Published: Mon, December 04, 2017
Worldwide | By Isabel Fisher

Cathay Pacific flight: crew say they saw North Korean missile test

Cathay Pacific flight: crew say they saw North Korean missile test

The crew of a Cathay Pacific flight over Japan saw a North Korean ballistic missile test last week, the airline said.

Without perfecting the "re-entry" technology, such missiles pose little danger as they fall apart before re-entering the Earth.

The crew alerted air traffic controllers in Japan of what they believed was the Hwasong-15's re-entry and continued on its path to Hong Kong.

Cathay Pacific's general manager of operations, Mark Joey, recounted the message from the crew of the passenger plane to ground staff.

The airline does not plan on changing its flight path in the future because of the November 29 launch.

It also claimed the Hwasong-15 missile fired Wednesday can be tipped with a "super-large heavy warhead" capable of striking the whole U.S. mainland.

The International Space Station maintains a fraction of that orbit - 254 miles.

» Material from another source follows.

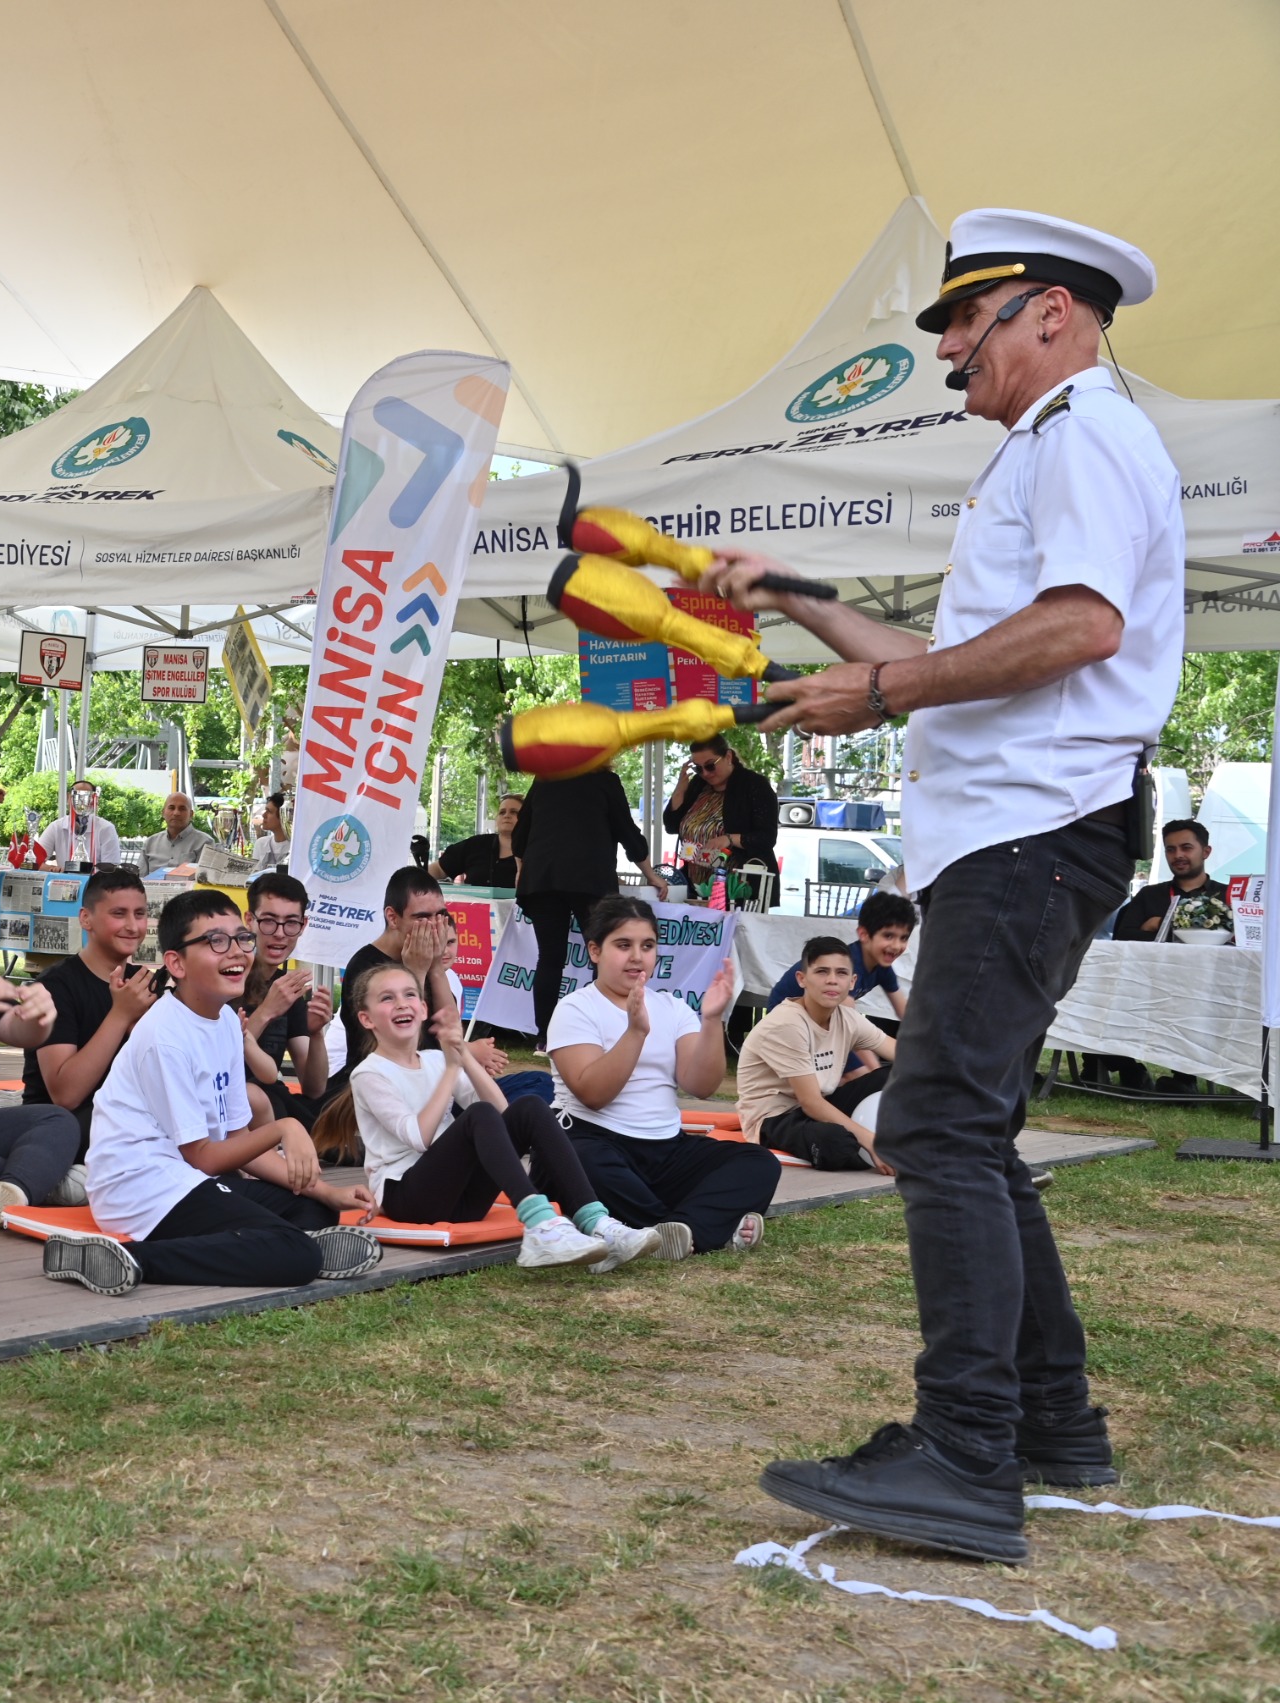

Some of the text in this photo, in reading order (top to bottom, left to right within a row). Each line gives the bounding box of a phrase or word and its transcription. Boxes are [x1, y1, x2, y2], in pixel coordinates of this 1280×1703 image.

Four minutes later, the pilot of another Korean Air aircraft crossing the Sea of Japan inbound from Los Angeles reported a similar flash of light.

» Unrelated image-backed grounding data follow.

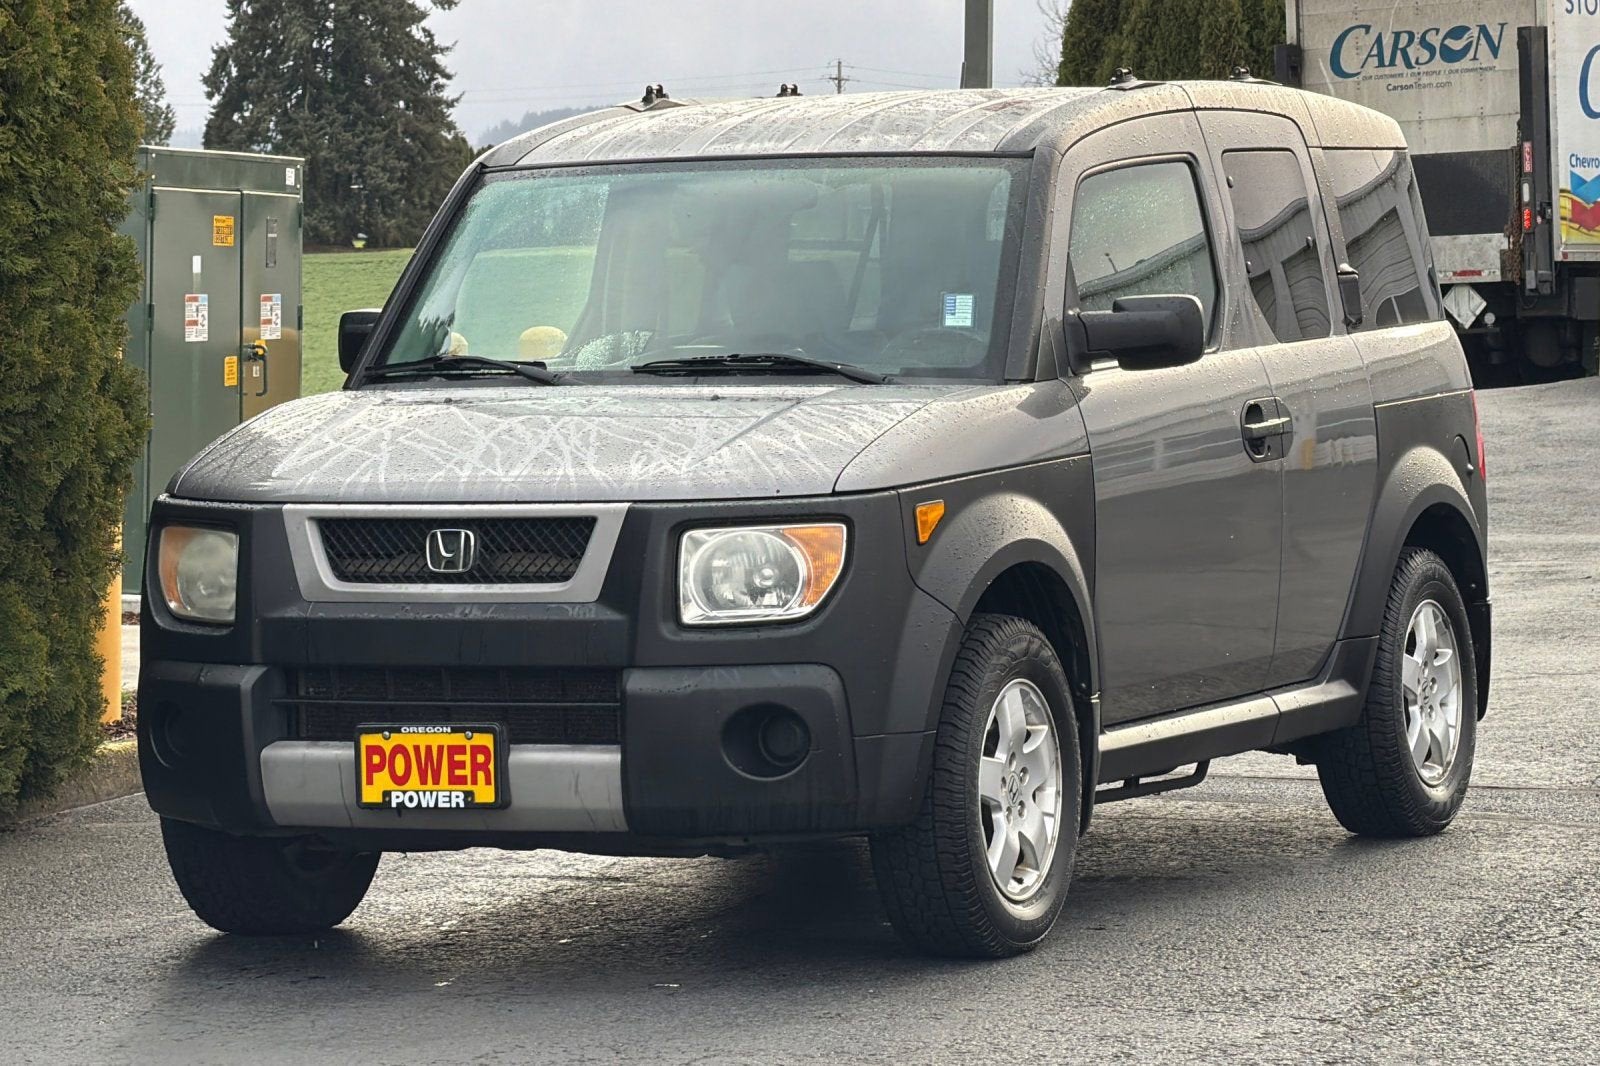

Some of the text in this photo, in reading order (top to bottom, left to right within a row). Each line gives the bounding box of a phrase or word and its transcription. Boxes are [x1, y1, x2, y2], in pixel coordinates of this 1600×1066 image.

[1386, 81, 1453, 92] CarsonTeam.com
[1569, 153, 1600, 168] Chevro
[365, 743, 492, 786] POWER
[391, 790, 465, 808] POWER
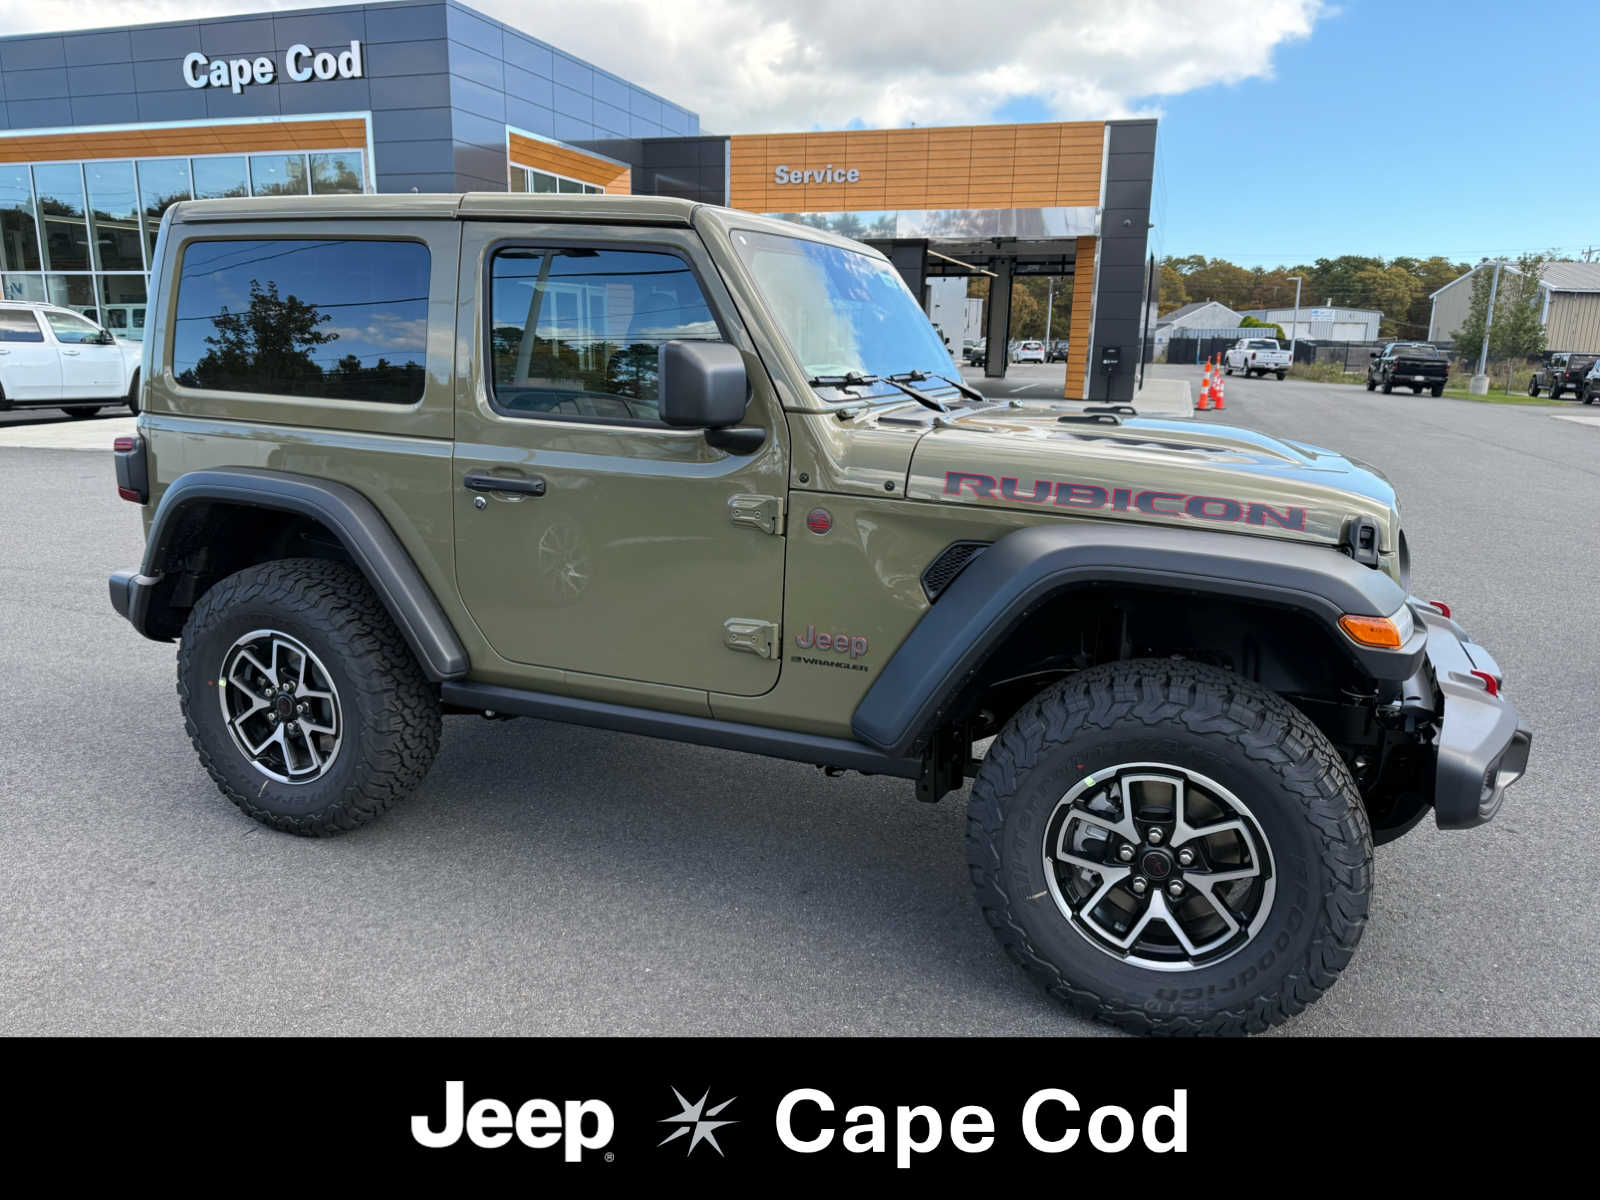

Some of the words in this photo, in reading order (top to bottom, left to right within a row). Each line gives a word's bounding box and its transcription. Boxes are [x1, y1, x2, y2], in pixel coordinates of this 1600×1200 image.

[183, 52, 275, 94] Cape
[286, 40, 363, 82] Cod
[775, 164, 860, 185] Service
[944, 471, 1308, 532] RUBICON
[796, 625, 869, 659] Jeep
[802, 656, 869, 672] WRANGLER

Hong Kong's carrier thus becomes the second airline to report sighting it.

A Cathay Pacific spokesperson told SCMP that the flight operations remained normal and were unaffected.

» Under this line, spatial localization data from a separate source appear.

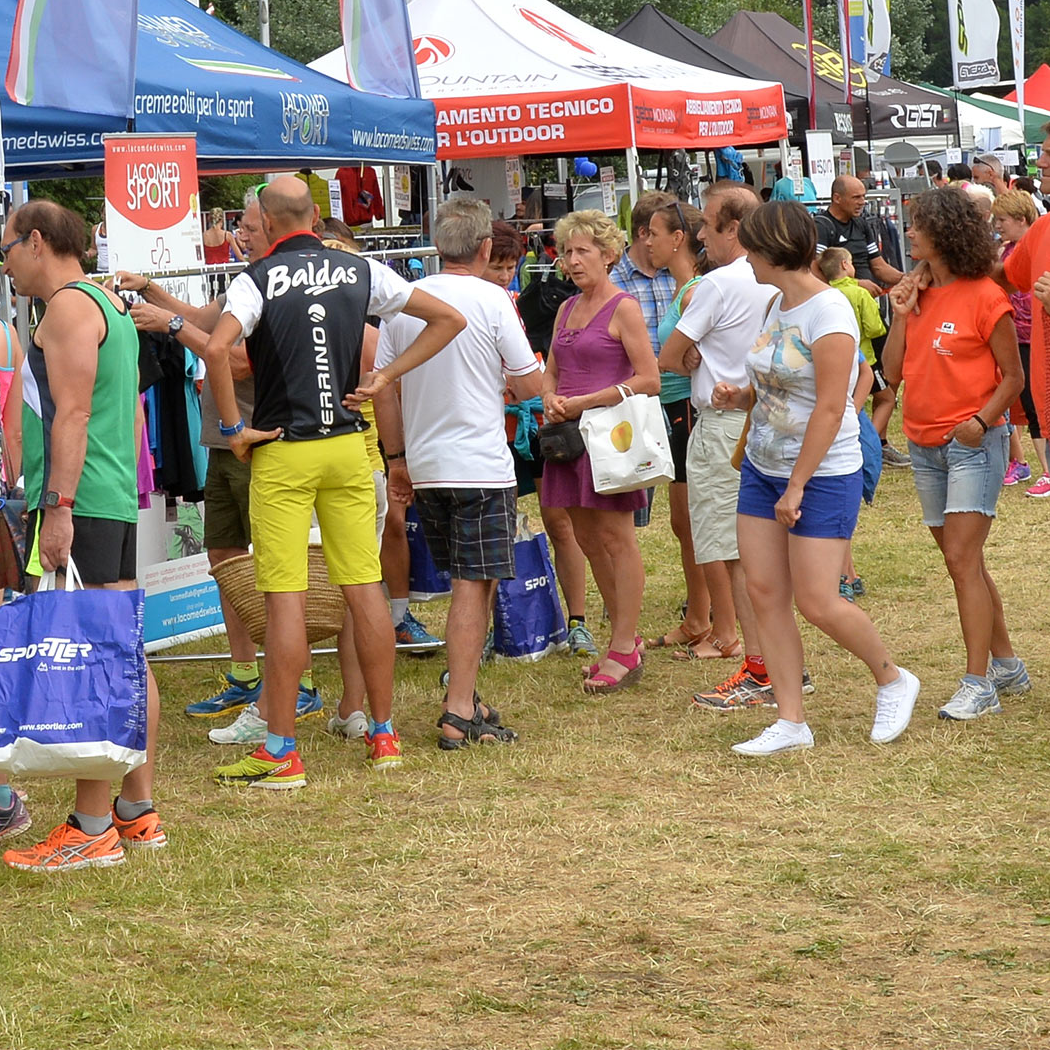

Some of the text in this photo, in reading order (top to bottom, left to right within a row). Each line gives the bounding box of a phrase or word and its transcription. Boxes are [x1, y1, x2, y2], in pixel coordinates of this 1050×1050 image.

[421, 74, 558, 86] OUNTAIN
[197, 99, 215, 123] per
[216, 91, 227, 117] lo
[228, 96, 254, 124] sport
[280, 91, 329, 116] LACOMED
[436, 106, 521, 127] AMENTO
[527, 98, 614, 119] TECNICO
[280, 110, 329, 145] SPORT
[457, 124, 565, 146] L'OUTDOOR
[126, 162, 180, 183] LACOMED
[126, 178, 181, 210] SPORT
[267, 259, 358, 300] Baldas
[19, 722, 83, 732] www.sportler.com

The plane, which was flying from San Francisco to Hong Kong, was over Japan at the time.

The North Korean missile was sacked very high up, reaching an altitude of 2,780 miles before falling back into the Sea of Japan about 600 miles from where it was launched.

He said both planes safely landed at Incheon and the missile didn't endanger their safety because the trajectory was far enough from the planes' flight paths.

The new ICBM, named the Hwasong-15, crash landed in the Sea of Japan early last Wednesday morning after flying 950 kilometers and reaching an altitude of almost 4,500 kilometers (higher than any of its predecessors).

In another internal notice obtained by Apple Daily, the company said that the incident was extremely rare, citing some experts as saying that chances are low an aircraft can be hit by a missile.